* **DIRECTIONS**
Every line of the material below should be output exactly as written, with the images skipped.

* **PROVIDED RECORDS**
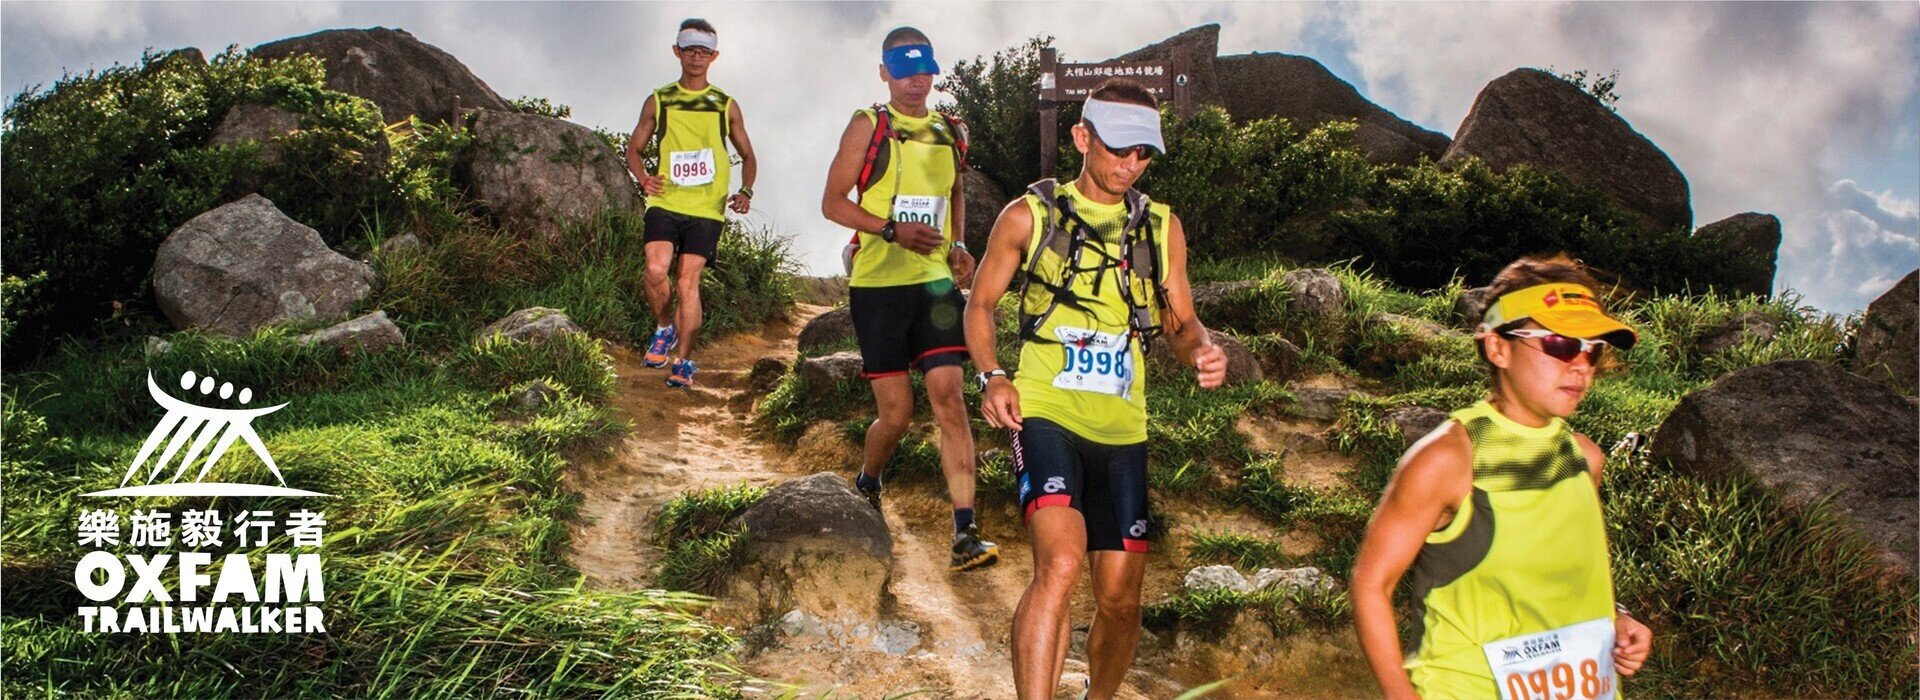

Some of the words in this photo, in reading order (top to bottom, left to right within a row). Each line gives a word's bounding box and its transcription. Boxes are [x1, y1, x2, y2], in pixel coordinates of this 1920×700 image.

[673, 161, 708, 178] 0998
[1063, 346, 1125, 378] 0998
[1523, 640, 1561, 656] OXFAM
[1506, 658, 1600, 700] 0998
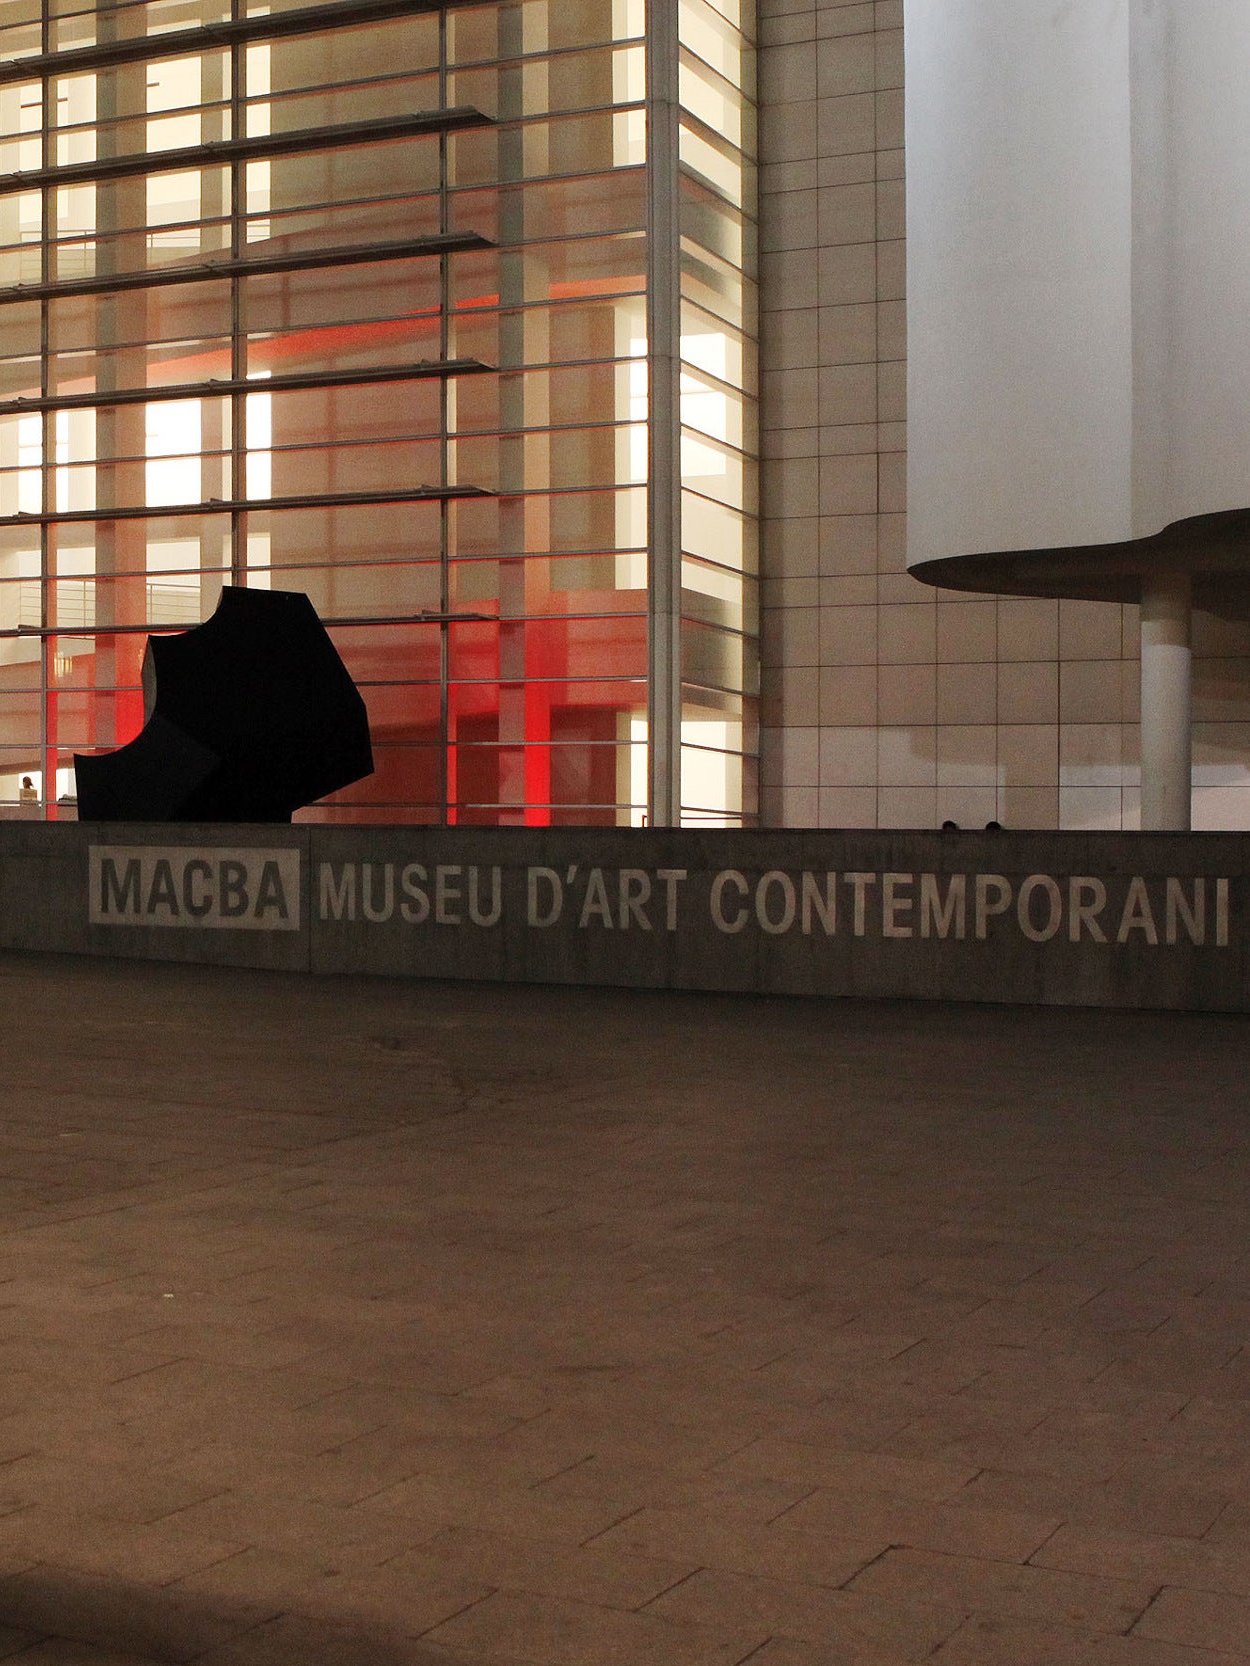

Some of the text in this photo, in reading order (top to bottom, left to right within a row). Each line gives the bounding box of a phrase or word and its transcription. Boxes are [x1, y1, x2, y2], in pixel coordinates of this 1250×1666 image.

[100, 858, 1229, 946] MACBA MUSEU D'ART CONTEMPORANI

* **PROBLEM SOLUTION**
Some of the words in this photo, in reading order (top to bottom, left to right within a row). Each line gives a word's bounding box and its transcription. Boxes are [x1, y1, x2, y2], in pixel coordinates of this 1920×700 image.

[673, 161, 708, 178] 0998
[1063, 346, 1125, 378] 0998
[1523, 640, 1561, 656] OXFAM
[1506, 658, 1600, 700] 0998

Some of the text in this photo, in reading order (top to bottom, left to right within a row). Each line gives the bounding box of a phrase or word and its transcription. Boxes are [x1, y1, x2, y2], in pixel coordinates of this 1250×1666 image.

[100, 858, 1229, 946] MACBA MUSEU D'ART CONTEMPORANI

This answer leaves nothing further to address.